5. En troisième lieu, lors de son entretien individuel Mme B... a déclaré être restée en Espagne durant trois semaines et avoir été hébergée à Lanzarote puis à Las Palmas aux Canaries, qui font parties du territoire espagnol. Si l'intéressée conteste les mentions issues du fichier Eurodac, faisant apparaître que ses empreintes digitales ont été relevées par les autorités espagnoles le 29 novembre 2022, les billets d'avion dont elle se prévaut sont relatifs des déplacements effectués le 28 novembre 2022 entre les îles Canaries et Bilbao et ne démontrent pas qu'à cette date elle avait quitté l'Espagne. Par ailleurs, le billet de transport en autocar qu'elle produit est relatif à un voyage entre Bayonne et Nantes, le 1er décembre 2022. Par suite, ces justificatifs ne sont pas de nature à établir le caractère erroné des mentions enregistrées dans le fichier Eurodac par les autorités espagnoles, lesquelles ne précisent pas le lieu où elles ont été relevées sur le territoire espagnol mais seulement que l'intéressée a été " appréhendée " aux Canaries. En conséquence, le moyen tiré de ce que la décision contestée serait entachée d'une erreur de fait à raison de ce motif ne peut qu'être écarté.
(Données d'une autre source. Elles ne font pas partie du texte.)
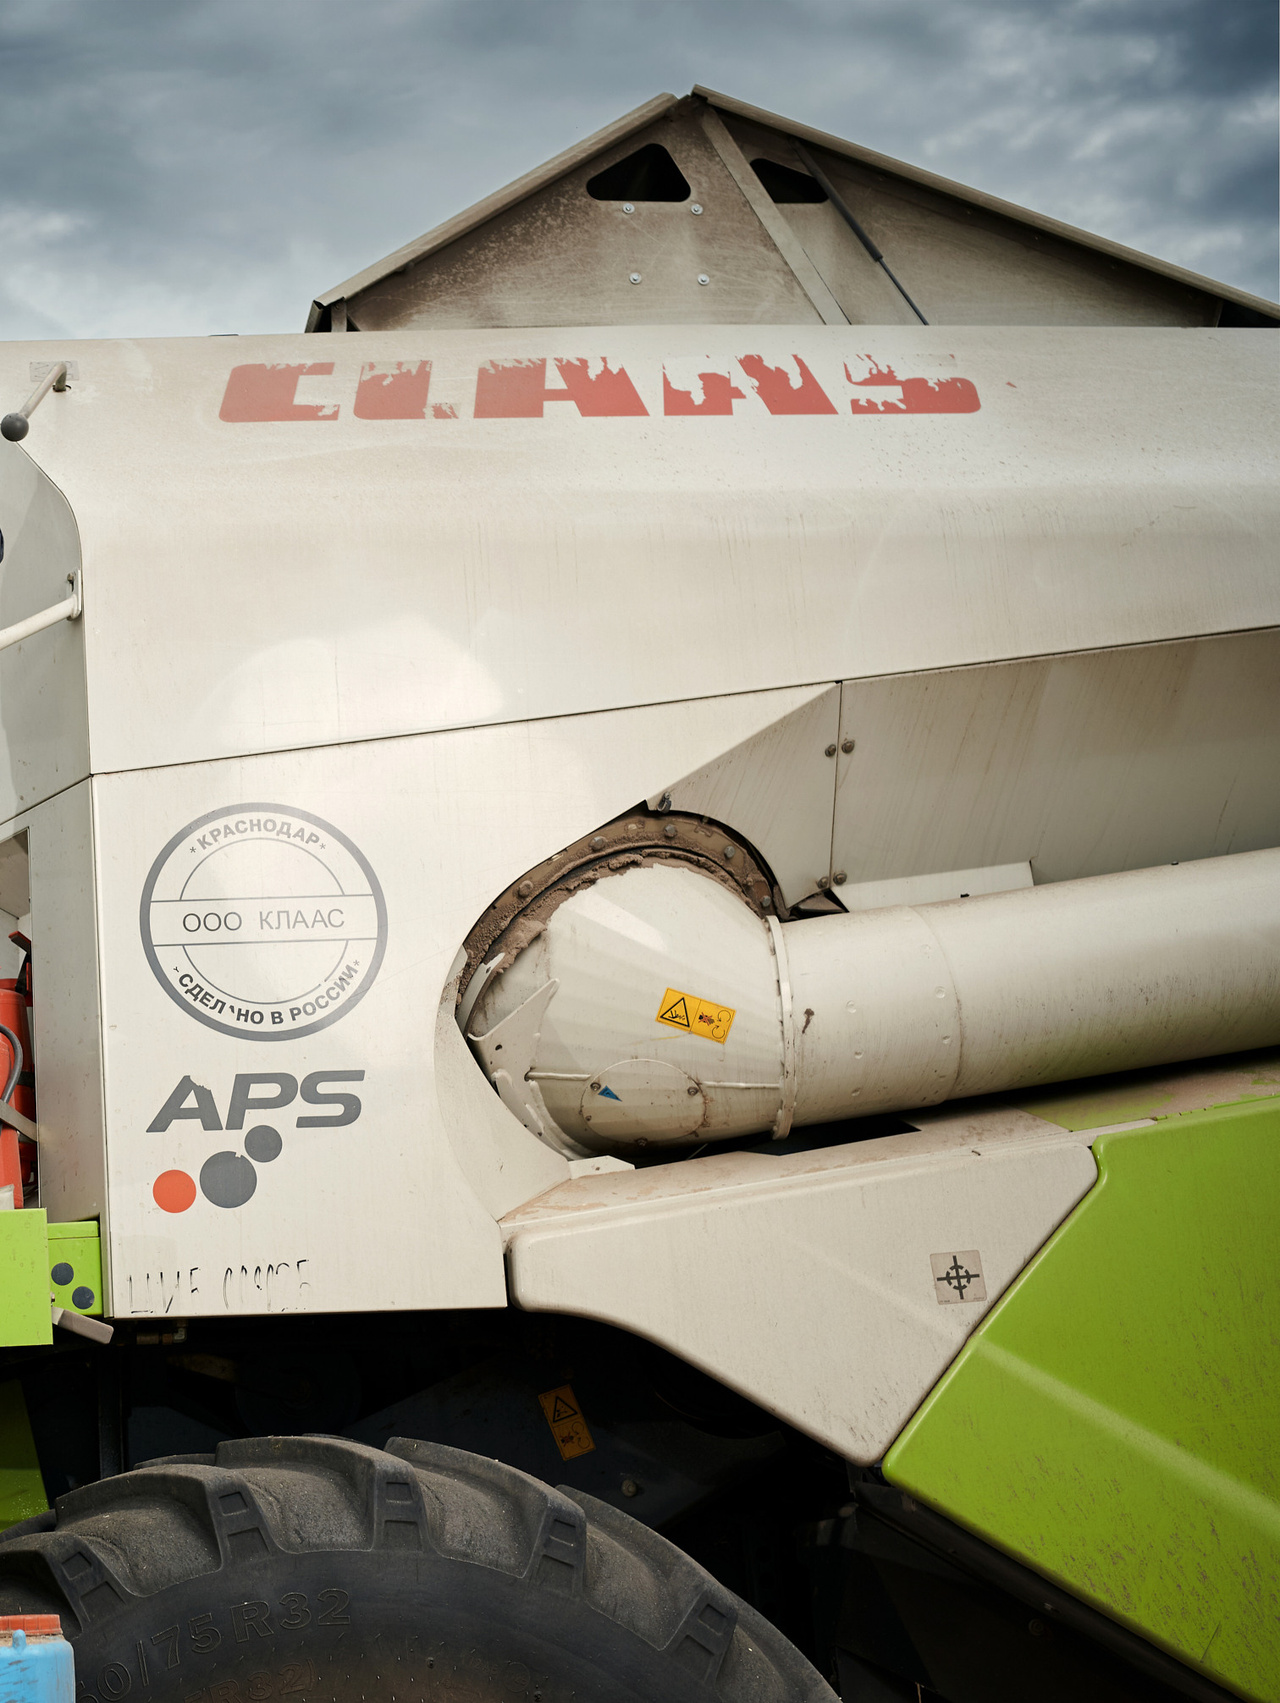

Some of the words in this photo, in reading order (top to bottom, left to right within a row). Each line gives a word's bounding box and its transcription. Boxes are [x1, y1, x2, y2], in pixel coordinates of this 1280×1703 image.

6. En quatrième lieu, aux termes de l'article 3 du règlement (UE) n° 604/2013 du 26 juin 2013 : " 1. Les Etats membres examinent toute demande de protection internationale présentée par un ressortissant de pays tiers ou par un apatride sur le territoire de l'un quelconque d'entre eux (...). La demande est examinée par un seul Etat membre, qui est celui que les critères énoncés au chapitre III désignent comme responsable (...) 2. Lorsqu'il est impossible de transférer un demandeur vers l'Etat membre initialement désigné comme responsable parce qu'il y a de sérieuses raisons de croire qu'il existe dans cet Etat membre des défaillances systémiques dans la procédure d'asile et les conditions d'accueil des demandeurs, qui entrainent un risque de traitement inhumain ou dégradant au sens de l'article 4 de la charte des droits fondamentaux de l'Union européenne, l'Etat membre procédant à la détermination de l'Etat membre responsable poursuit l'examen des critères énoncés au chapitre III afin d'établir si un autre Etat membre peut être désigné comme responsable ". Par ailleurs, aux termes de l'article 3 de la convention européenne de sauvegarde des droits de l'homme et des libertés fondamentales : " Nul ne peut être soumis à la torture ni à des peines ou traitements inhumains ou dégradants. ". Enfin, aux termes de l'article 33 de la Convention de Genève relative au statut des réfugiés, adoptée le 28 juillet 1951 : " Défense d'expulsion et de refoulement : 1. Aucun des Etats contractants n'expulsera ou ne refoulera, de quelque manière que ce soit, un réfugié sur les frontières des territoires où sa vie ou sa liberté serait menacée en raison de sa race, de sa religion, de sa nationalité, de son appartenance à un certain groupe social ou de ses opinions politiques (...) ".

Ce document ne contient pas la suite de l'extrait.